Fig. 6: TF knockout experiments and their effect on cell type generation.

A The UMAP shows the distribution of n = 2000 randomly selected cells from the experimental PBMC-All dataset. The color shows the iLISI value of each cell (miLISI = 1.94) calculated from a UMAP embedding, jointly obtained from the experimental cells and the same number of GRouNdGAN-generated cells. TFs were omitted as features when generating UMAP plots. In the simulated data, each gene was regulated by 15 TFs, identified using GRNBoost2. B Each plot shows the density of cells in the embedding space: the left plot (blue) corresponds to the real cells and the right plot (red) shows the simulated cells. C The boxplots show the distribution of iLISI values of n = 2000 real cells, calculated along with n = 2000 unperturbed simulated cells (blue) and with n = 2000 perturbed simulated cells (orange). For each cell type, top three most differentially expressed TFs were knocked out. The p-values reported in this figure were calculated using one-sided Wilcoxon signed rank tests. The center horizontal line corresponds to the median. Each box spans the interquartile range, and its limits show the upper (Q3) and lower quartiles (Q1). Whiskers extending from the boxes reach 1.5 times above and below the interquartile range. Outliers are shown individually if they fall outside the whiskers. D The scatter plot shows the iLISI values of CD19 + B cells calculated along with unperturbed simulated cells (x-axis) and along with perturbed simulated cells (y-axis).
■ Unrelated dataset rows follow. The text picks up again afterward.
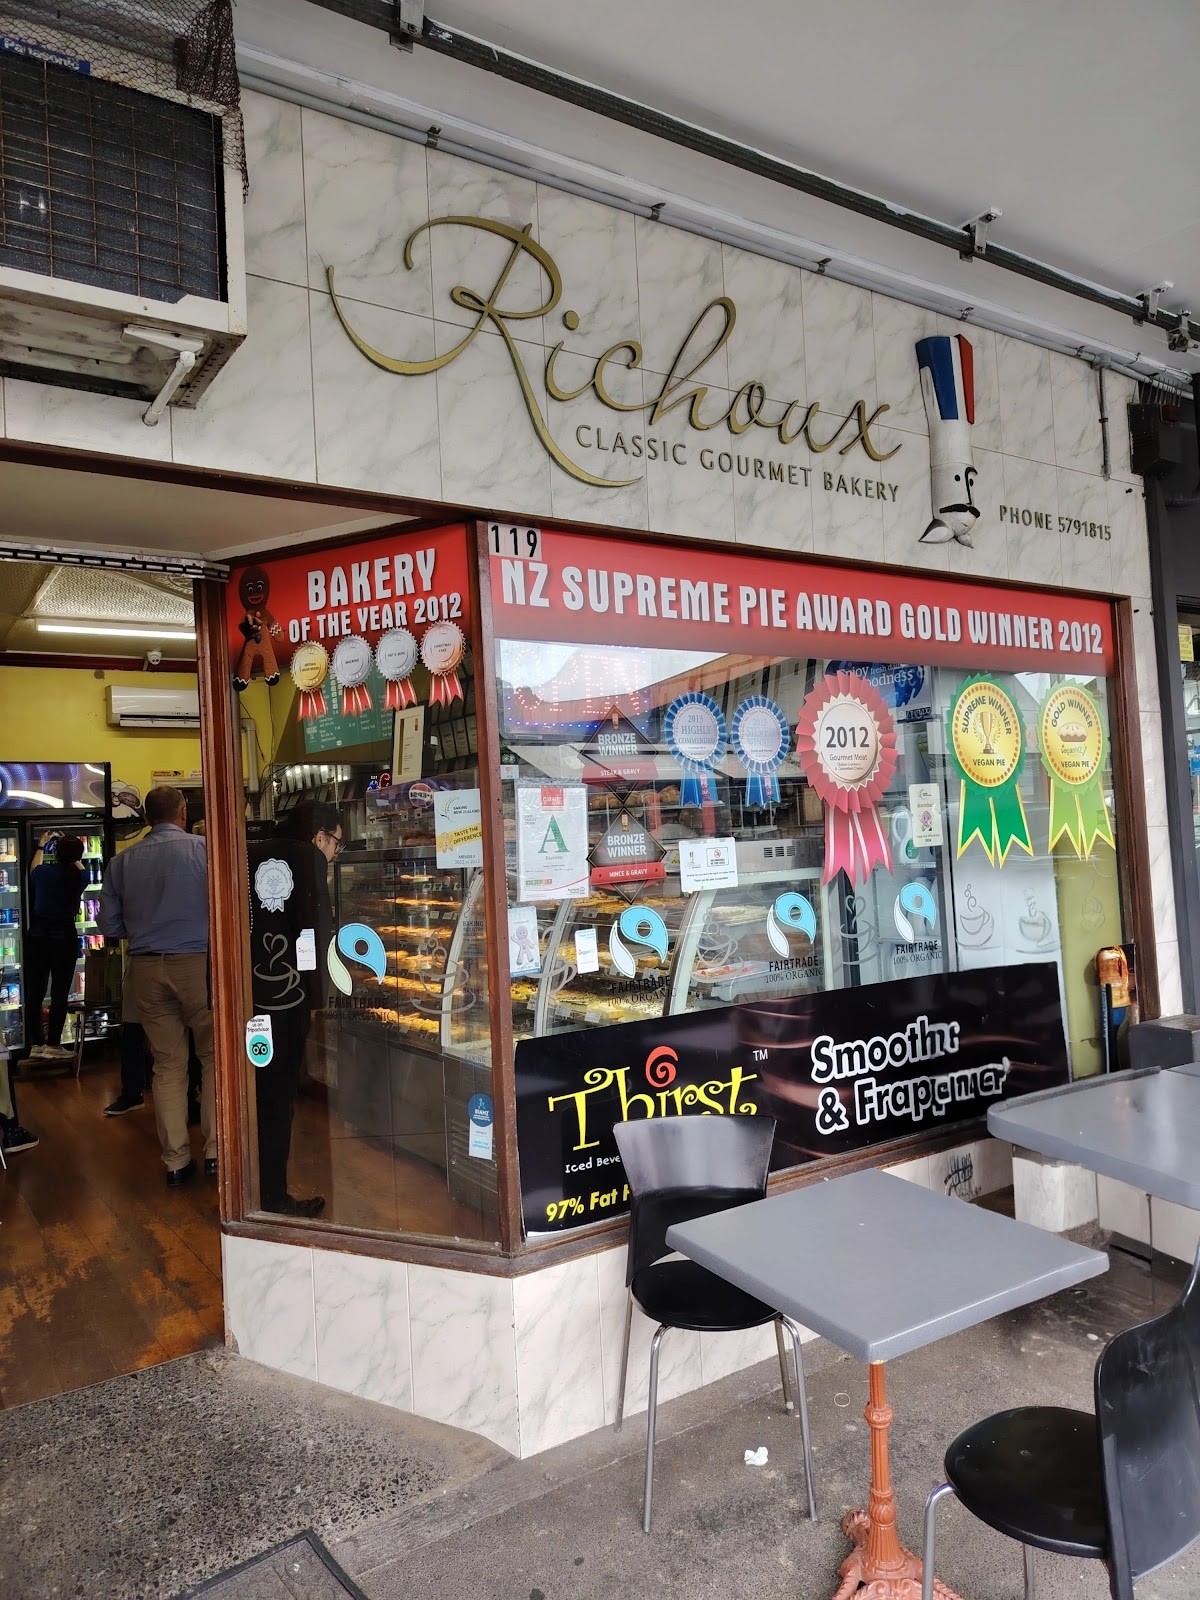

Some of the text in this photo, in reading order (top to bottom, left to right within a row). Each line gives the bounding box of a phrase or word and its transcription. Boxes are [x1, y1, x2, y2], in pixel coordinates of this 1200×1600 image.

[327, 215, 902, 488] Richoux
[576, 424, 900, 502] CLASSIC GOURMET BAKERY
[999, 504, 1112, 541] PHONE 5791815
[490, 525, 538, 558] 119
[307, 548, 436, 611] BAKERY
[501, 559, 1104, 654] NZ SUPREME PIE AWARD GOLD WINNER 2012
[288, 592, 462, 644] OF THE YEAR 2012
[962, 695, 1012, 735] SUPREME WINNER
[1051, 699, 1093, 728] GOLD WINNER
[597, 732, 637, 745] BRONZE
[681, 726, 712, 735] HIGHLY
[825, 726, 870, 748] 2012
[598, 744, 638, 756] WINNER
[829, 753, 868, 761] Gourmet Meat
[973, 759, 1006, 767] VEGAN PIE
[1060, 760, 1081, 768] VEGAN
[454, 829, 469, 837] TASTE
[538, 814, 571, 853] A
[607, 833, 645, 846] BRONZE
[607, 845, 647, 858] WINNER
[609, 870, 625, 878] MINCE
[895, 940, 939, 954] FAIRTRADE
[768, 955, 819, 972] FAIRTRADE
[893, 951, 943, 965] 100% ORGANIC
[765, 966, 824, 984] 100% ORGANIC
[611, 975, 671, 994] FAIRTRADE
[631, 988, 677, 1003] ORGANIC
[548, 1045, 768, 1151] Thirst TM
[816, 1087, 849, 1135] &
[564, 1156, 593, 1174] Iced
[546, 1196, 585, 1222] 97%
[589, 1190, 618, 1211] Fat
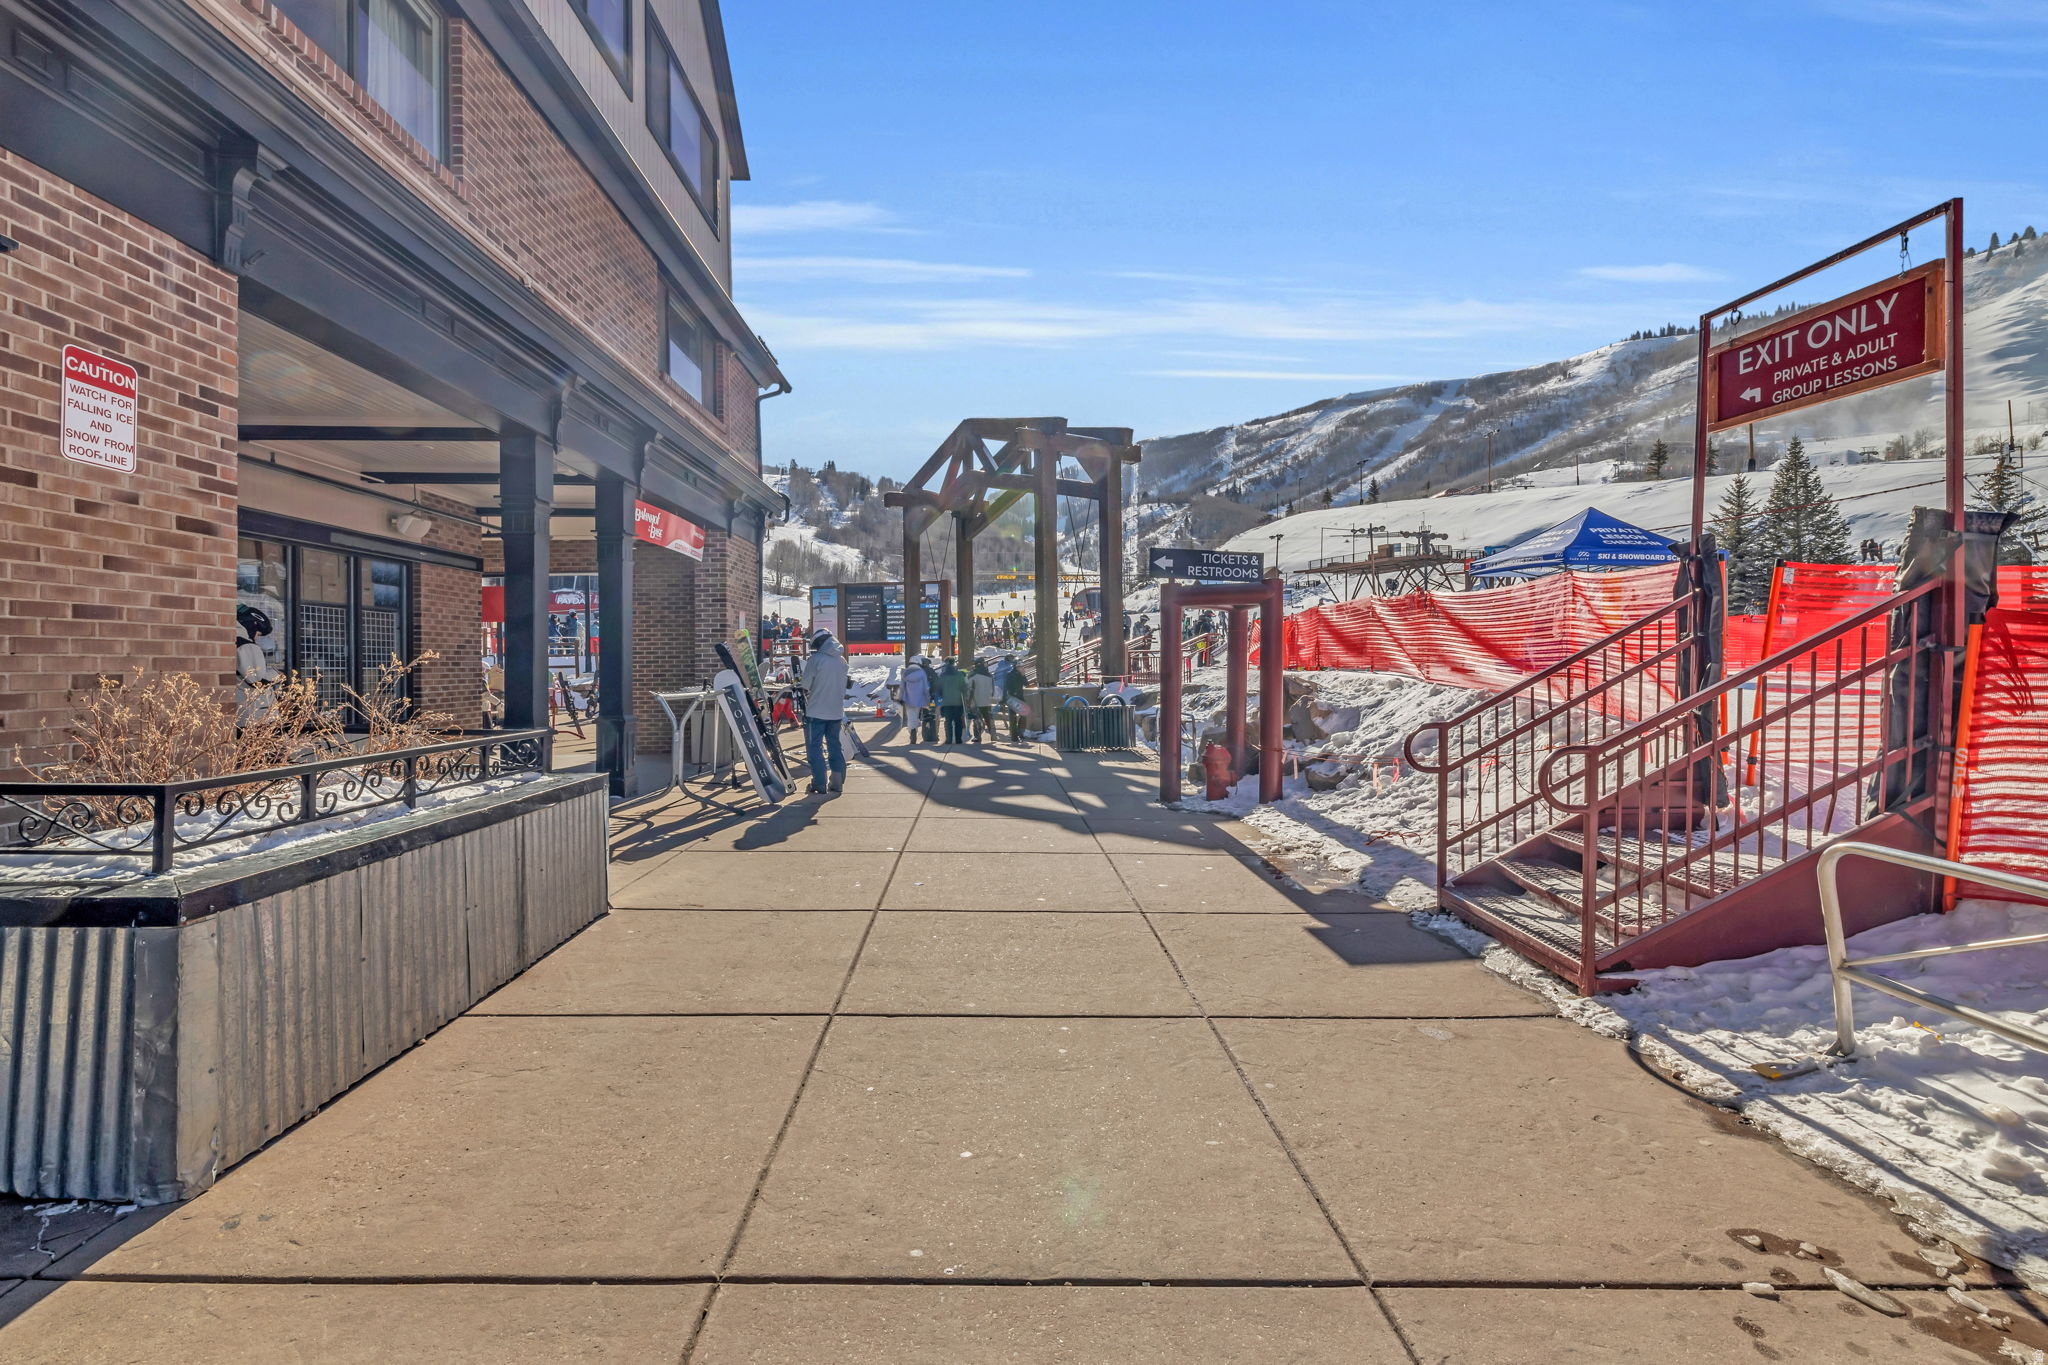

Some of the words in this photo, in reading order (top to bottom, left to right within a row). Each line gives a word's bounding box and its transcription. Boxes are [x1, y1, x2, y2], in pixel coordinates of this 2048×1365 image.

The circles correspond to real cells and their colors reflect the density of datapoints in that region. The p-value reported in this figure was calculated using a one-sided Wilcoxon signed rank test. E The UMAP embedding of real cells (left), simulated cells after knockout of top TFs of CD19 + B cells (middle), and all together (right). Source data are provided as a Source Data file.